» Task
A faithful copy of the whole listing is the goal. Match it exactly.
....
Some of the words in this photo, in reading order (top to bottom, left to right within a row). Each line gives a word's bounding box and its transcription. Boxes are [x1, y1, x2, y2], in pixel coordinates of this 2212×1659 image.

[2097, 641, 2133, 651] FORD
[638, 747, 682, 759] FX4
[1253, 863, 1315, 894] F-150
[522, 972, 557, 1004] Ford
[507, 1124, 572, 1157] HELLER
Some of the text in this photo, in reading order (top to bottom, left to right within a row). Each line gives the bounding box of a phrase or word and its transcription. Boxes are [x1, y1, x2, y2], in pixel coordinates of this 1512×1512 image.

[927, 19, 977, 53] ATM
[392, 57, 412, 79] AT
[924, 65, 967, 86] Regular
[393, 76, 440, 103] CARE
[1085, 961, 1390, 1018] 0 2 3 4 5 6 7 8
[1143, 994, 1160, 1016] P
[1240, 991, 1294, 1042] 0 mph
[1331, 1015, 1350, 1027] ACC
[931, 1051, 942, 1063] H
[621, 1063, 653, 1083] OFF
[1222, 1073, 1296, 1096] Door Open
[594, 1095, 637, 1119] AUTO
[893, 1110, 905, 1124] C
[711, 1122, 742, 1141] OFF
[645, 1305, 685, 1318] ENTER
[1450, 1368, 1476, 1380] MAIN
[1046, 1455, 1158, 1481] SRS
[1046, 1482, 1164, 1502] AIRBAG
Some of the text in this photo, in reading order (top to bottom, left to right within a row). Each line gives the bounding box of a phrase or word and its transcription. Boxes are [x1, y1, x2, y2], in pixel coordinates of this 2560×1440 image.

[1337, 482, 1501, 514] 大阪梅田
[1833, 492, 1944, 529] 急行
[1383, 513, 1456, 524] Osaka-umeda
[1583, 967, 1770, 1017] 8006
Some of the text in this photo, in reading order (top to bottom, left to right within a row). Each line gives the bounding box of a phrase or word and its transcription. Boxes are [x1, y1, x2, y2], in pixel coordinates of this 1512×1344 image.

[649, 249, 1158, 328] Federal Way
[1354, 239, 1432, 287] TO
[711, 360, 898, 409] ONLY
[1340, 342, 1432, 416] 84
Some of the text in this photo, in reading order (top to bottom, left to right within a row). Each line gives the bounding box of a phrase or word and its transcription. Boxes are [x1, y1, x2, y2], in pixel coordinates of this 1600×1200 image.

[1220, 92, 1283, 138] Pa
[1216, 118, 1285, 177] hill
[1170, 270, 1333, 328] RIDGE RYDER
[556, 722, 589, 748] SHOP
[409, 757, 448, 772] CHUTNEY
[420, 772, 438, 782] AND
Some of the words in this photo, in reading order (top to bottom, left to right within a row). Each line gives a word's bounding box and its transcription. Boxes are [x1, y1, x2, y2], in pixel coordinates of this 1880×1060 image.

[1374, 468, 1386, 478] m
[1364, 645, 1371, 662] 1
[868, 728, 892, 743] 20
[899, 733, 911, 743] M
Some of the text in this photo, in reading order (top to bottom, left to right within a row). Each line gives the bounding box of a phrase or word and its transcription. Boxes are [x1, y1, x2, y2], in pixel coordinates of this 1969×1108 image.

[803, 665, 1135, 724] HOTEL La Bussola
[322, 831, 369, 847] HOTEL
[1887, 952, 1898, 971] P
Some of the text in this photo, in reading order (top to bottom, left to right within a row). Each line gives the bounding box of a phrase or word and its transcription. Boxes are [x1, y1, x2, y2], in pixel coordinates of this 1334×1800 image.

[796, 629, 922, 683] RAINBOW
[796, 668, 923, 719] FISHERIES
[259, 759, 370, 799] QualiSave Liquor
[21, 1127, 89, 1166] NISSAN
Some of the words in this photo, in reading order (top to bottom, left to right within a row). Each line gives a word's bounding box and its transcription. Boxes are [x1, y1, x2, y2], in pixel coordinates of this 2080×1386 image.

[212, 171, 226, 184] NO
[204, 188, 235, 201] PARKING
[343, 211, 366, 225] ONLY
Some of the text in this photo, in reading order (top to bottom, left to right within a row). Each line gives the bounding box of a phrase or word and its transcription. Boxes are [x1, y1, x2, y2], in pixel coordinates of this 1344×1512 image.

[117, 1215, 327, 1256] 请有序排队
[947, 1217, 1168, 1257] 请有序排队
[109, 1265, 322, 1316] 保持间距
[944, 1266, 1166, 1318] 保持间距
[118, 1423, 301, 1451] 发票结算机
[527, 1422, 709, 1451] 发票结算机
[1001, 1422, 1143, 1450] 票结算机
....
» Result
Some of the words in this photo, in reading order (top to bottom, left to right within a row). Each line gives a word's bounding box and its transcription. Boxes are [x1, y1, x2, y2], in pixel coordinates of this 2212×1659 image.

[2097, 641, 2133, 651] FORD
[638, 747, 682, 759] FX4
[1253, 863, 1315, 894] F-150
[522, 972, 557, 1004] Ford
[507, 1124, 572, 1157] HELLER
Some of the text in this photo, in reading order (top to bottom, left to right within a row). Each line gives the bounding box of a phrase or word and its transcription. Boxes are [x1, y1, x2, y2], in pixel coordinates of this 1512×1512 image.

[927, 19, 977, 53] ATM
[392, 57, 412, 79] AT
[924, 65, 967, 86] Regular
[393, 76, 440, 103] CARE
[1085, 961, 1390, 1018] 0 2 3 4 5 6 7 8
[1143, 994, 1160, 1016] P
[1240, 991, 1294, 1042] 0 mph
[1331, 1015, 1350, 1027] ACC
[931, 1051, 942, 1063] H
[621, 1063, 653, 1083] OFF
[1222, 1073, 1296, 1096] Door Open
[594, 1095, 637, 1119] AUTO
[893, 1110, 905, 1124] C
[711, 1122, 742, 1141] OFF
[645, 1305, 685, 1318] ENTER
[1450, 1368, 1476, 1380] MAIN
[1046, 1455, 1158, 1481] SRS
[1046, 1482, 1164, 1502] AIRBAG
Some of the text in this photo, in reading order (top to bottom, left to right within a row). Each line gives the bounding box of a phrase or word and its transcription. Boxes are [x1, y1, x2, y2], in pixel coordinates of this 2560×1440 image.

[1337, 482, 1501, 514] 大阪梅田
[1833, 492, 1944, 529] 急行
[1383, 513, 1456, 524] Osaka-umeda
[1583, 967, 1770, 1017] 8006
Some of the text in this photo, in reading order (top to bottom, left to right within a row). Each line gives the bounding box of a phrase or word and its transcription. Boxes are [x1, y1, x2, y2], in pixel coordinates of this 1512×1344 image.

[649, 249, 1158, 328] Federal Way
[1354, 239, 1432, 287] TO
[711, 360, 898, 409] ONLY
[1340, 342, 1432, 416] 84
Some of the text in this photo, in reading order (top to bottom, left to right within a row). Each line gives the bounding box of a phrase or word and its transcription. Boxes are [x1, y1, x2, y2], in pixel coordinates of this 1600×1200 image.

[1220, 92, 1283, 138] Pa
[1216, 118, 1285, 177] hill
[1170, 270, 1333, 328] RIDGE RYDER
[556, 722, 589, 748] SHOP
[409, 757, 448, 772] CHUTNEY
[420, 772, 438, 782] AND
Some of the words in this photo, in reading order (top to bottom, left to right within a row). Each line gives a word's bounding box and its transcription. Boxes are [x1, y1, x2, y2], in pixel coordinates of this 1880×1060 image.

[1374, 468, 1386, 478] m
[1364, 645, 1371, 662] 1
[868, 728, 892, 743] 20
[899, 733, 911, 743] M
Some of the text in this photo, in reading order (top to bottom, left to right within a row). Each line gives the bounding box of a phrase or word and its transcription. Boxes are [x1, y1, x2, y2], in pixel coordinates of this 1969×1108 image.

[803, 665, 1135, 724] HOTEL La Bussola
[322, 831, 369, 847] HOTEL
[1887, 952, 1898, 971] P
Some of the text in this photo, in reading order (top to bottom, left to right within a row). Each line gives the bounding box of a phrase or word and its transcription. Boxes are [x1, y1, x2, y2], in pixel coordinates of this 1334×1800 image.

[796, 629, 922, 683] RAINBOW
[796, 668, 923, 719] FISHERIES
[259, 759, 370, 799] QualiSave Liquor
[21, 1127, 89, 1166] NISSAN
Some of the words in this photo, in reading order (top to bottom, left to right within a row). Each line gives a word's bounding box and its transcription. Boxes are [x1, y1, x2, y2], in pixel coordinates of this 2080×1386 image.

[212, 171, 226, 184] NO
[204, 188, 235, 201] PARKING
[343, 211, 366, 225] ONLY
Some of the text in this photo, in reading order (top to bottom, left to right within a row). Each line gives the bounding box of a phrase or word and its transcription. Boxes are [x1, y1, x2, y2], in pixel coordinates of this 1344×1512 image.

[117, 1215, 327, 1256] 请有序排队
[947, 1217, 1168, 1257] 请有序排队
[109, 1265, 322, 1316] 保持间距
[944, 1266, 1166, 1318] 保持间距
[118, 1423, 301, 1451] 发票结算机
[527, 1422, 709, 1451] 发票结算机
[1001, 1422, 1143, 1450] 票结算机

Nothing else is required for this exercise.